II. KAJIAN PUSTAKA, KERANGKA PEMIKIRAN DAN HIPOTESIS
2.1 Kajian Pustaka
2.1.1 Surat Pemberitahuan Masa PPN
Pengertian dari SPT Masa PPN menurut Yustinus, dkk. (2011:40) mengemukakan bahwa:
“Surat Pemberitahuan Masa Pajak Pertambahan Nilai adalah surat yang digunakan oleh pengusaha kena pajak (PKP) untuk melaporkan dan mempertanggungjawabkan perhitungan jumlah PPN dan PPnBM yang sebenarnya terutang”
Dalam penelitian ini menggunakan dasar pemikiran dari menurut Ferra Pujiyanti (2015:43) dalam bukunya yang menyatakan:
“PPN dan PPnBM yang terutang dihitung sendiri oleh PKP harus dilaporkan dalam SPT Masa dan disampaikan kepada KPP setempat, selambat-lambatnya 20hari setelah masa pajak berakhir”
2.1.2 Surat Tagihan Pajak
Pengertian surat tagihan pajak menurut Rismawati dan Antong (2015: 38) adalah: “Surat Tagihan Pajak adalah surat yang dilakukan untuk melakukan penagihan pajak atau sanksi administrasi dan menegaskan bahwa surat tagihan pajak sebagai suatu koreksi atas jumlah pajak yang terutang menurut SPT Wajib Pajak”.

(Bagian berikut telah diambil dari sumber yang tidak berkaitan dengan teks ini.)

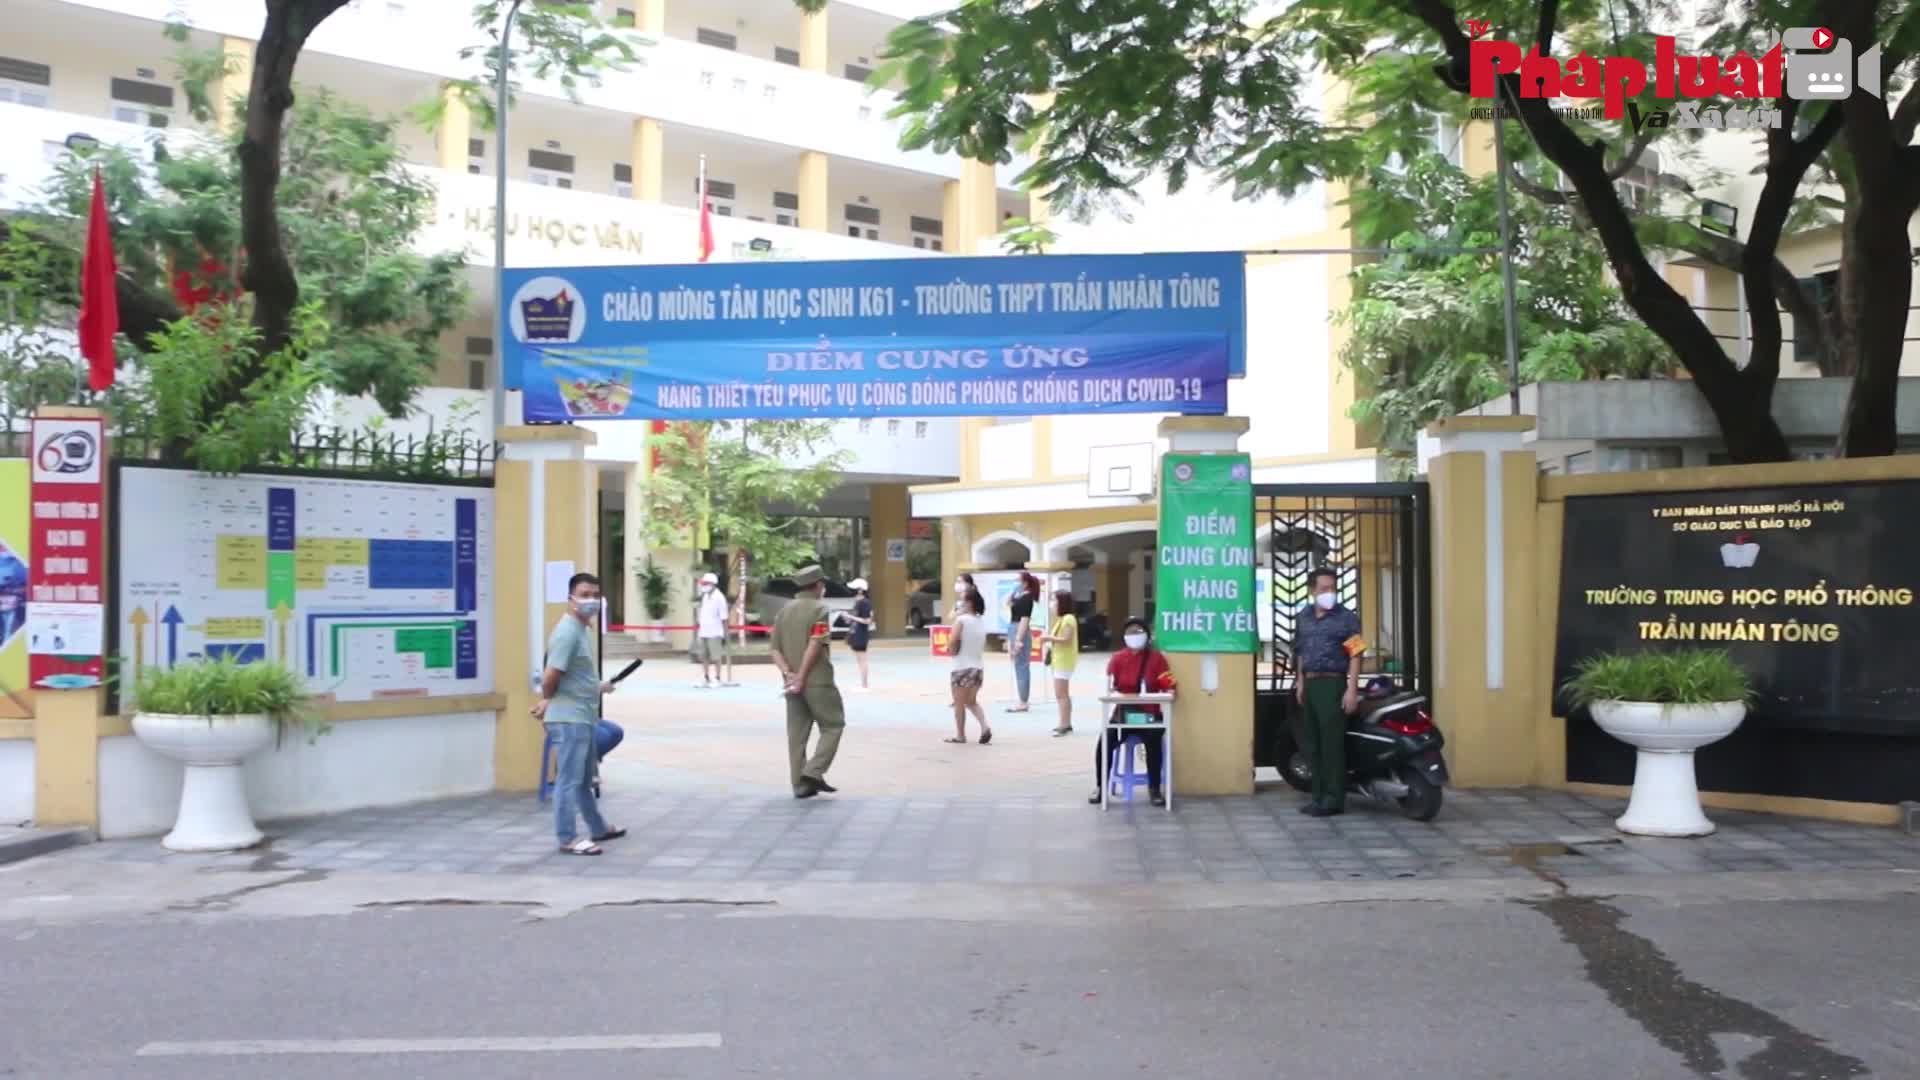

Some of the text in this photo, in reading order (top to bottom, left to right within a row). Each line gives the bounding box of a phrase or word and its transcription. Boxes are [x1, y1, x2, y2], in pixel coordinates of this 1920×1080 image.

Menurut Siti Kurnia Rahayu (2010:186) yang dijadikan sebagai dasar penagihan pajak adalah Surat Tagihan Pajak (STP) adalah sebagai berikut:
4
“Jumlah Surat Tagihan Pajak (STP) mempunyai kekuatan hukum yang sama dengan Surat Ketetapan Pajak dalam penagihan pajak yang tercantum dalam STP, dapat juga dilakukan penagihan dengan Surat Paksa (UU No. 19/ 1990)”.